Степан ещё раз сглотнул слюну, тяжело вздохнул и обречённо сказал:

   — Садись, деда.

Нечай проворно сел, извлёк откуда-то нож, умело разрезал гуся на несколько частей, откромсал пару ломтей от хлебного каравая. Степан тем временем налил из баклажки в обе чарки выдержанный до густоты хмельной мёд.

Выпили. Крякнули одновременно. Взяли по куску гуся, пачкая бороды и усы, вонзились зубами поглубже, откусили, пожевали, проглотили и откинулись блаженно.

   — Чем эта черноокая тебе не угодила? — спросил Нечай.

   — Предала, — ответил, жуя, Степан. — Выдала.

   — Так ведь не тебя выдала — разлучницу. Иль я при допросе что-то не так записал в пытошный лист? — Старик налил ещё мёду, по второй чарке выпили уже не торопясь. — Имея слабости, и в других надобно их прощать.

   — Не слабость она, а проклятие, мне посланное за мою слабость! — вздохнул Степан.

   — А это всё едино. Греки говорят — рок, римляне — фатум, славяне — судьба. Мы вот гуся едим и ношу своей совести на Господа сбрасываем, а сбросив, молимся ему же... — Нечай потряс баклажку, прикидывая, много ли в ней ещё осталось, налил по третьей. — Крепок мёд у черноокой.

   — Ты ешь, отец. — Степан подвинул к старику гусиную ножку.

   — Да нет, идти надобно. А то ведь русский человек под хмельком и до петухов проговорит.

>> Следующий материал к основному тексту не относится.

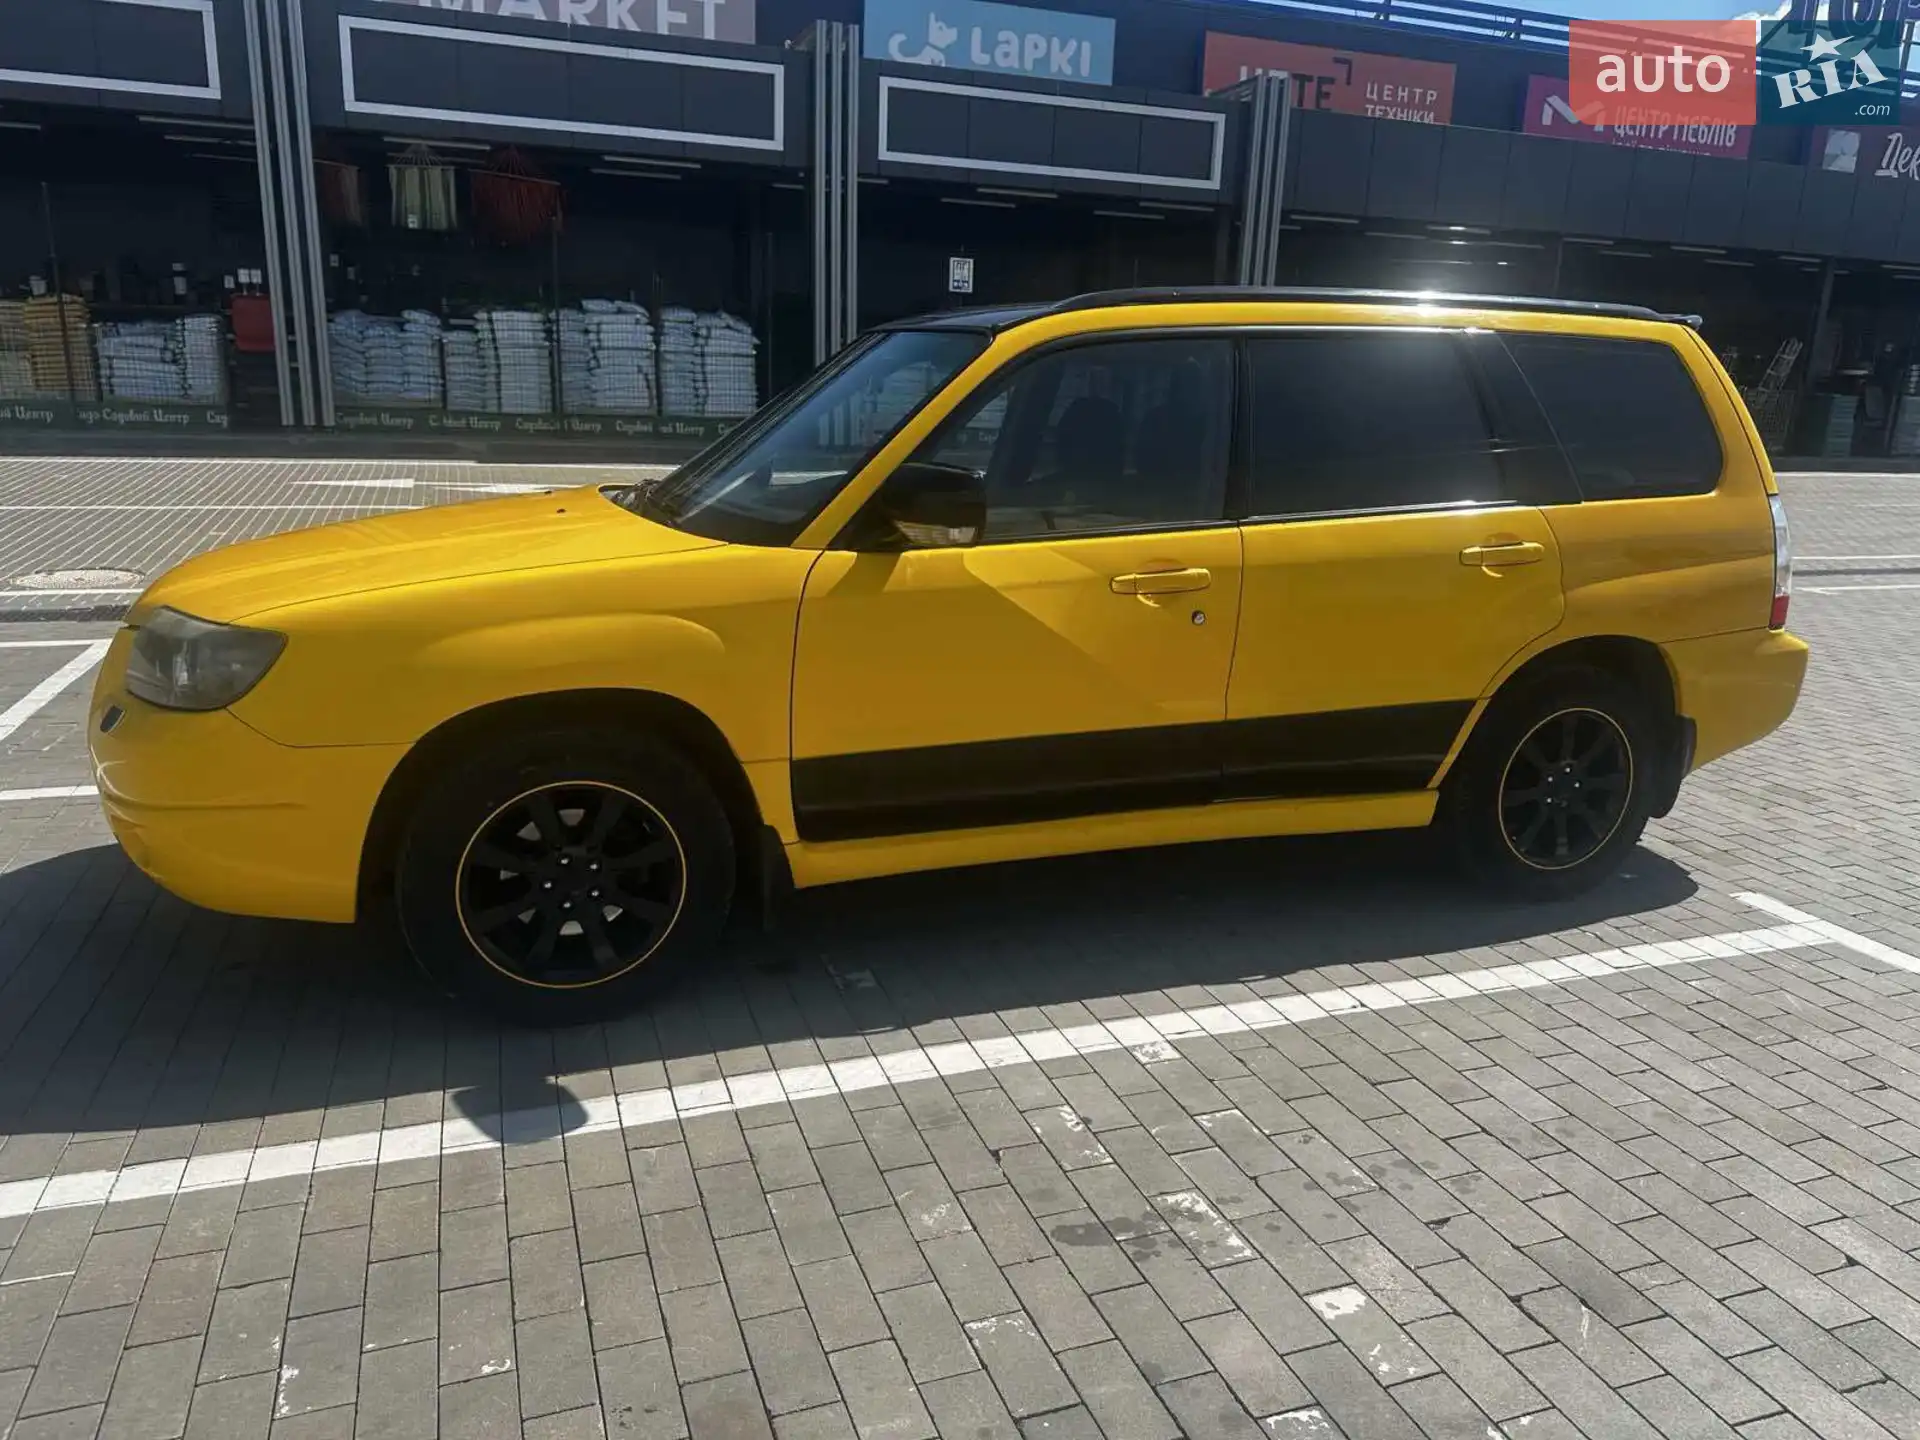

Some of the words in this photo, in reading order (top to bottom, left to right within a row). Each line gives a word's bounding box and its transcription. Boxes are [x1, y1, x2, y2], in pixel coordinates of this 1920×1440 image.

   — Вот и поговорим. Куда тебе спешить?

   — Спешить вроде некуда. Великий князь, бывает, по полгода меня не призывает. Нет у него любви к нашему делу, нет и людишек, кроме меня, к этому приставленных.

   — А палач? — Степан вспомнил противный, липкий страх, испытанный им в первый день.

   — Кат есть. Как на Руси без ката — батогов кому дать, кнутом ободрать для порядку. Добрый кат. Работает, дело делает, а не зверствует. Хотя рука тяжёлая. Так то от Бога, силой не обижен. — Неожиданно Нечай вернулся к тому, что его, видимо, волновало. — Где ты её сыскал, такую черноокую да настырную?

   — Где? — Степан разлил мёд до конца и, не дожидаясь Нечая, выпил свою чарку. — Рок, фатум, как ты сказал. Судьба нас свела. — Степан сел поудобнее, подвинул светильник, опёрся локтями о ларь и, глядя на трепетное пламя, стал медленно рассказывать: — Повелел Олег Иванович, князь рязанский, заточить меня в монастырь за мою службишку. Что да как — говорить тебе не стану, к делу сие не касаемо...

Нечай слушал.

   — Полагал князь-милостивец, что буду я там о своей вине думать, грехи замаливать, — пояснил Степан в ответ на вопрс1сительный взгляд старика. — Только ведь, отец, в узилище оно как — не о своей вине думаешь, а о княжеской немилости. Так?

Степан смолк, потому что эти слова внезапно приоткрыли причину необъяснимой для самого себя обиды на Дмитрия Ивановича.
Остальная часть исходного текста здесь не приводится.